The primary goal of our research team is to identify mechanisms of neuronal degeneration that could be targeted for the prevention and treatment of human neurodegenerative diseases. Although our research is mainly focused on Parkinson’s disease, we aim to study mechanisms (e.g. protein aggregation and inflammation) and risk factors (e.g. aging) that are shared between Parkinson’s and other neurodegenerative disorders. We believe that bridging different human diseases will help us understand what makes neurons vulnerable to degenerative processes and what can be done to counteract these pathologic events.

Current research focus
Using a variety of neurochemical, molecular biology and immunohistochemical techniques, Prof. Di Monte’s group is presently investigating research areas that include:

  • Mechanisms of α-synuclein pathology. α-Synuclein is a protein involved in pathogenetic processes in Parkinson’s disease and other human neurodegenerative disorders (e.g. dementia with Lewy bodies). Its toxicity, as investigated by our research team, may arise from or be enhanced by abnormal aggregation, toxicant-protein interactions and impairment of degradation.
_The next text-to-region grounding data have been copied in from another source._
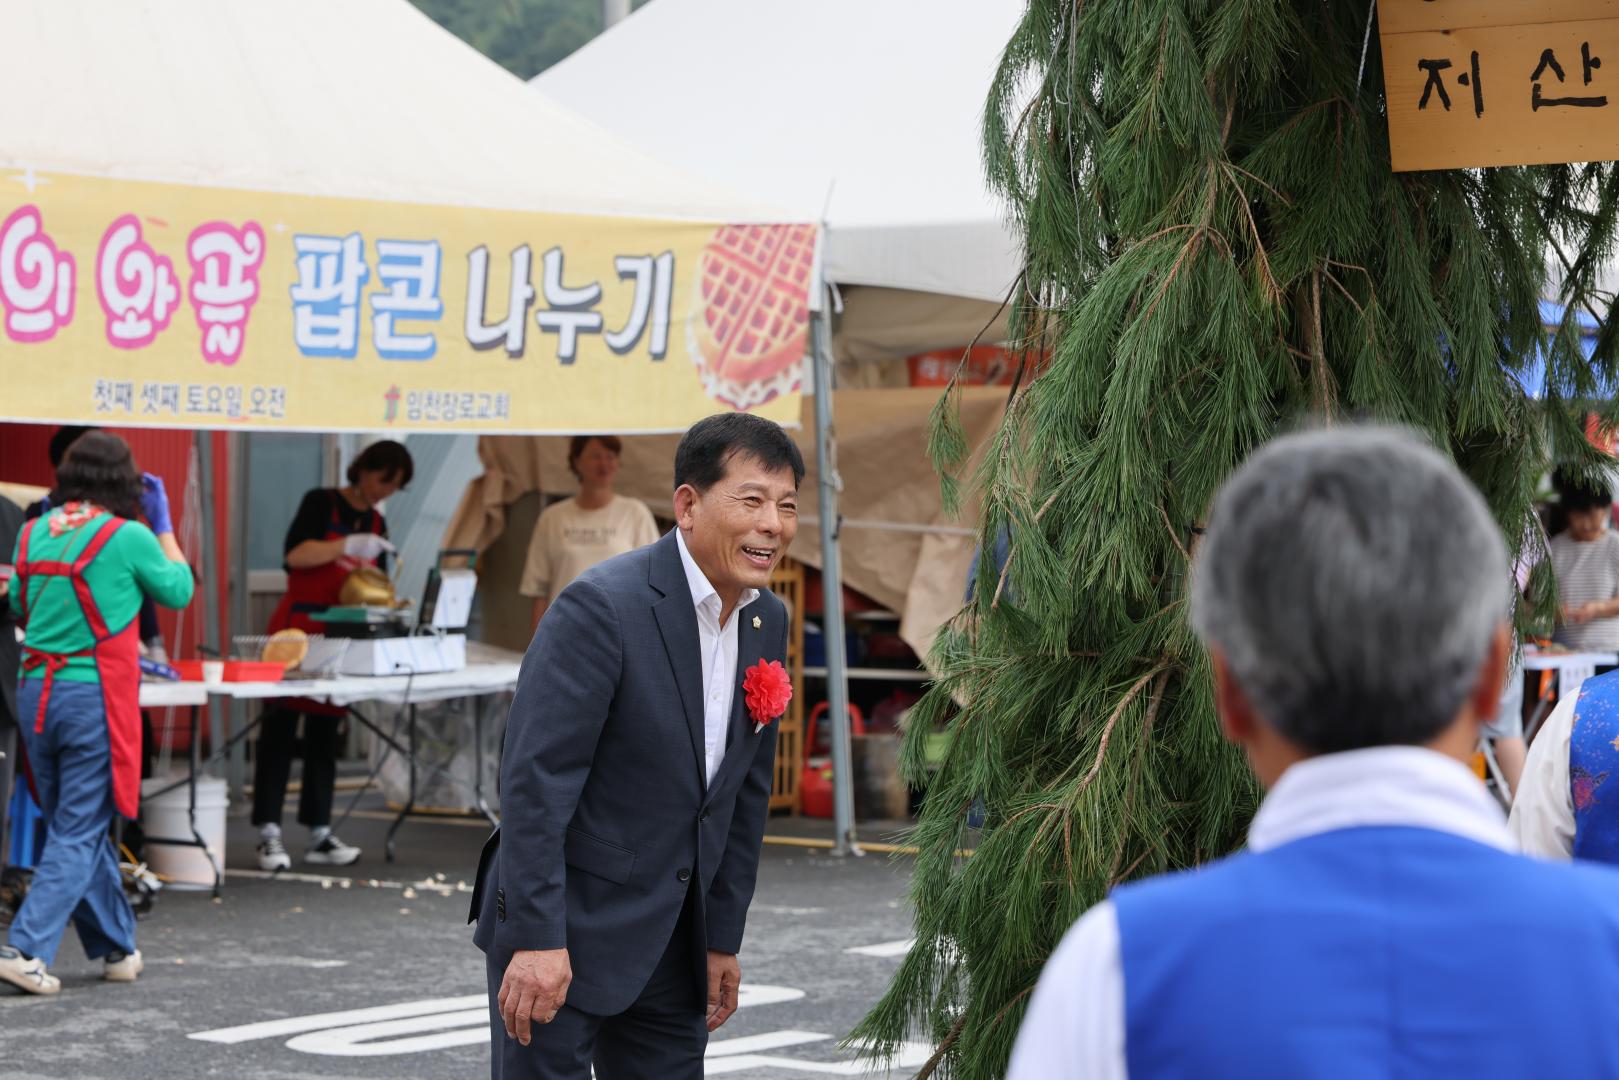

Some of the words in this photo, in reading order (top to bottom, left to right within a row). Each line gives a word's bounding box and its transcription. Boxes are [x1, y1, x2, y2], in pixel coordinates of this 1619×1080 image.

[289, 231, 444, 360] 팝콘
[465, 243, 674, 364] 나누기
[94, 379, 133, 414] 첫째
[140, 382, 179, 415] 셋째
[186, 384, 243, 418] 토요일
[249, 386, 287, 418] 오전
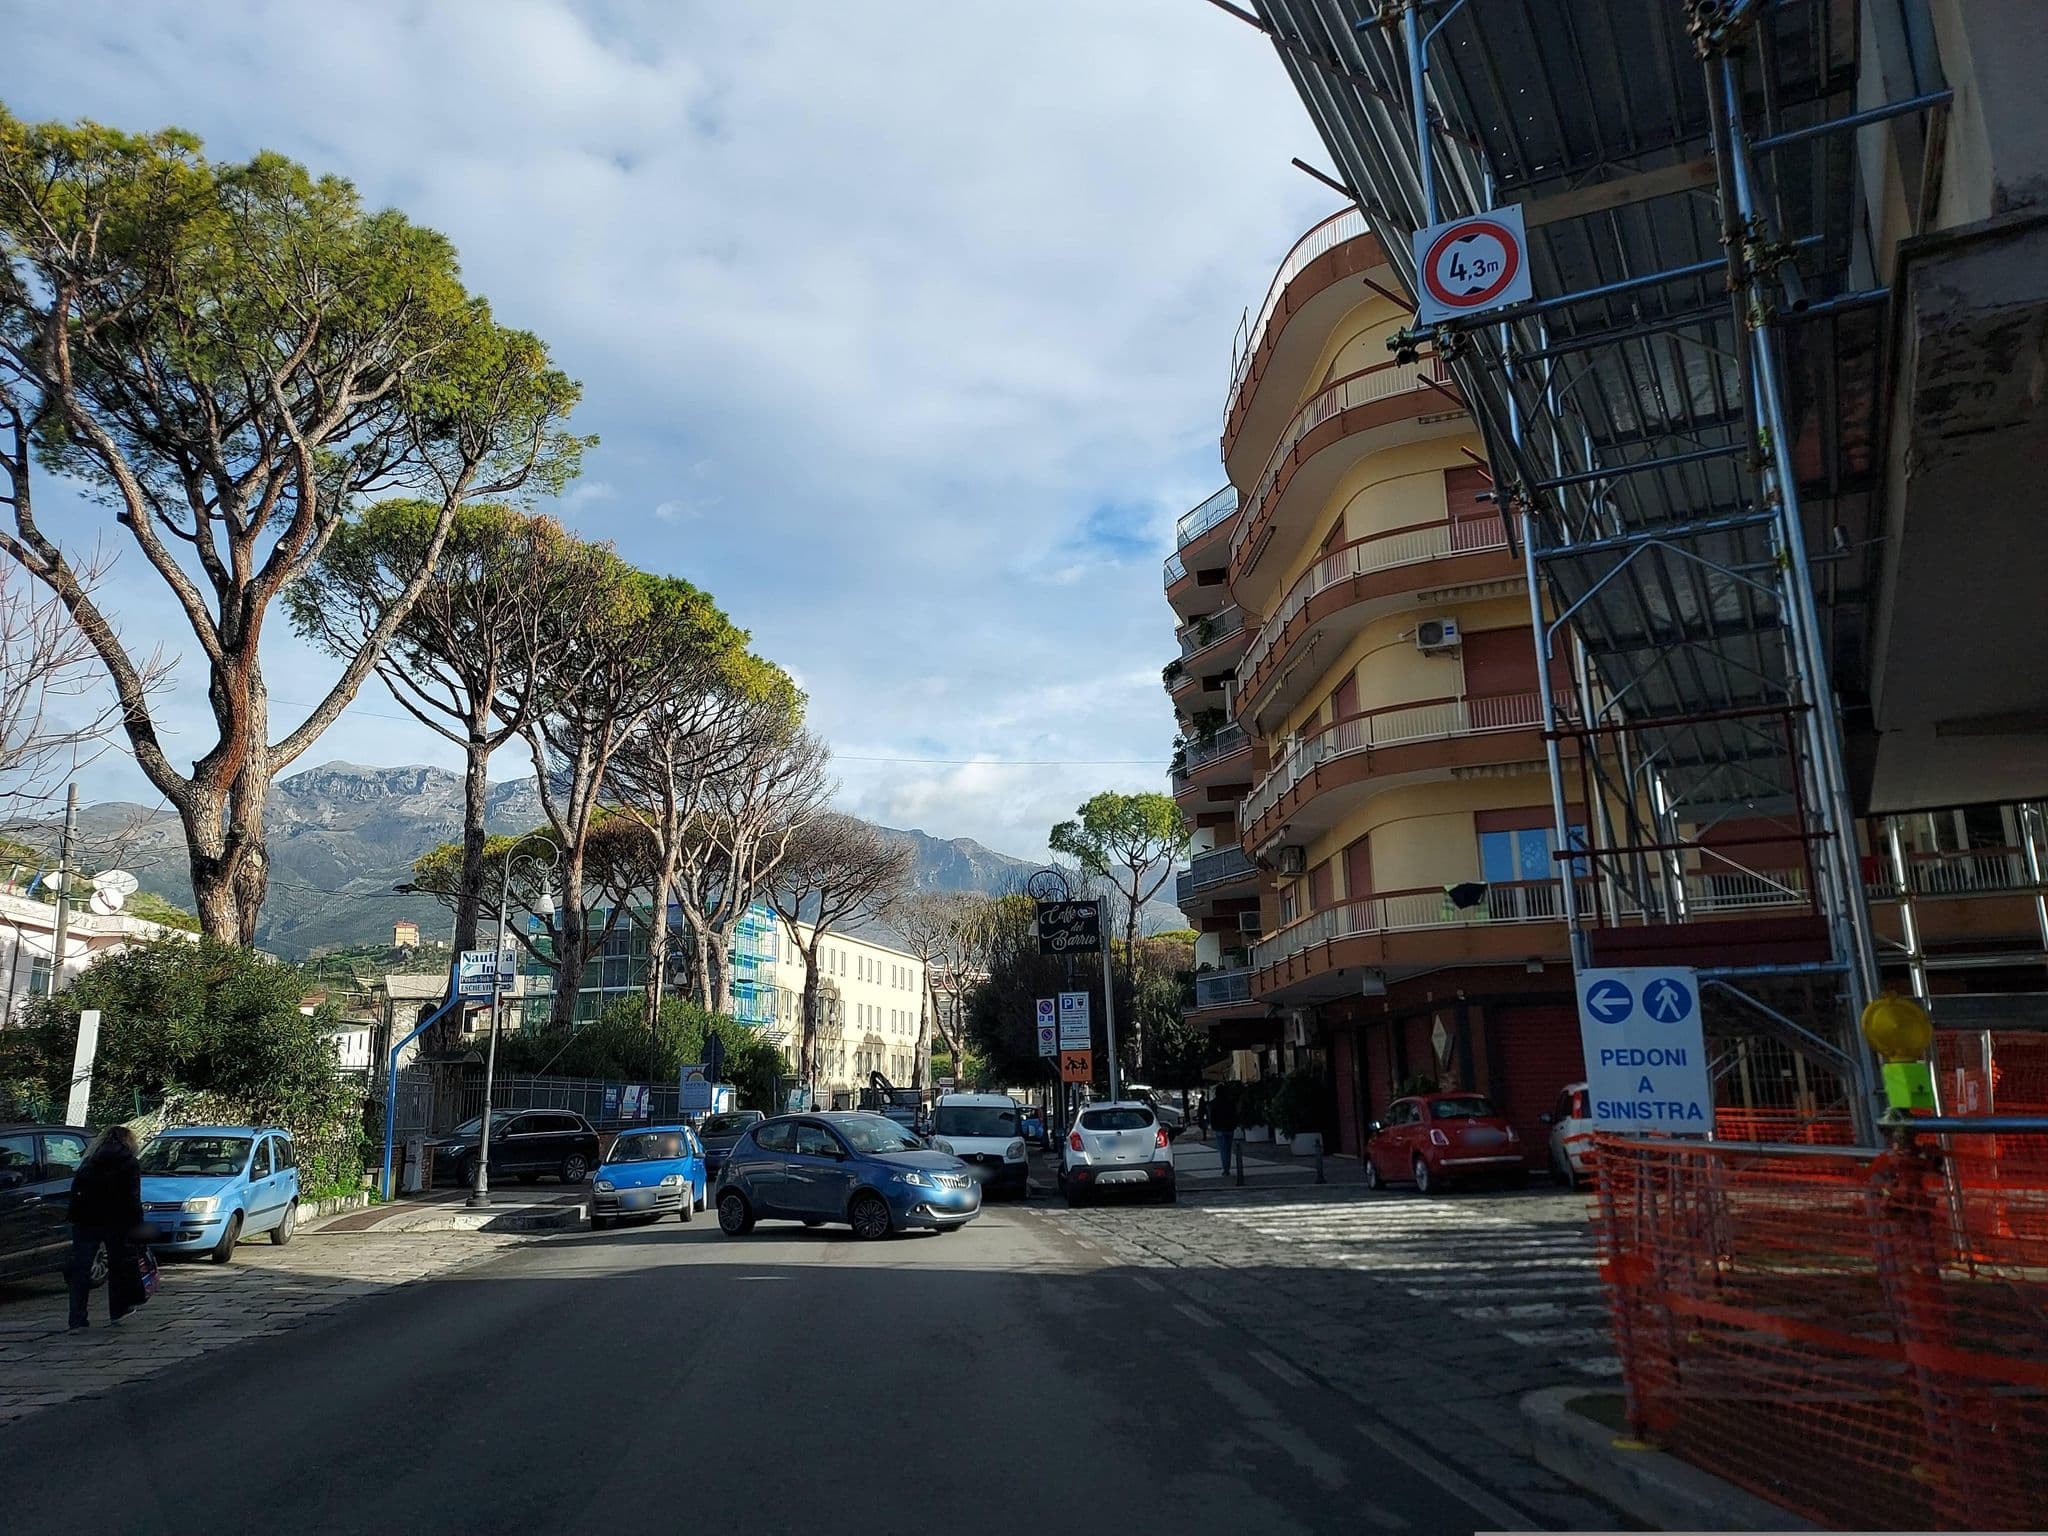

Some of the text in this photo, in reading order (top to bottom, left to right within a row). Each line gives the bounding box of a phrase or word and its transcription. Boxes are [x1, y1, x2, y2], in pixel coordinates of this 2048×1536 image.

Of note, similar mechanisms could underlie β-amyloid pathology in Alzheimer’s disease.  
  • Environmental toxicants and aging as neurodegenerative disease risk factors. Aging is an unequivocal risk factor for human neurodegenerative diseases, and toxic exposures are likely to play an important role in the pathogenesis of Parkinson’s disease. Mechanisms by which these risk factors enhance neuronal vulnerability to degenerative processes include oxidative stress, neuroinflammation and α-synuclein abnormalities.    
  • Screening and evaluation of neuroprotective/neurorestorative agents. Disease-modifying interventions are urgently needed for Parkinson’s disease. New therapeutic strategies that are currently being tested in our laboratory include the inhibition of α-synuclein expression using RNA interference-based technology and the enhancement of protein degradation by autophagy inducers.
  • Development and validation of experimental models. The availability of experimental models that reproduce key disease features is critical for investigating mechanisms of neurodegeneration and testing new therapeutics. A variety of Parkinson’s disease models are presently used or are being developed in our laboratory. They include in vitro and in vivo administration of neurotoxicants (e.g. MPTP, paraquat or 6-hydroxydopamine) or transgenic manipulation of specific proteins (e.g., overexpression or knock-out of α-synuclein).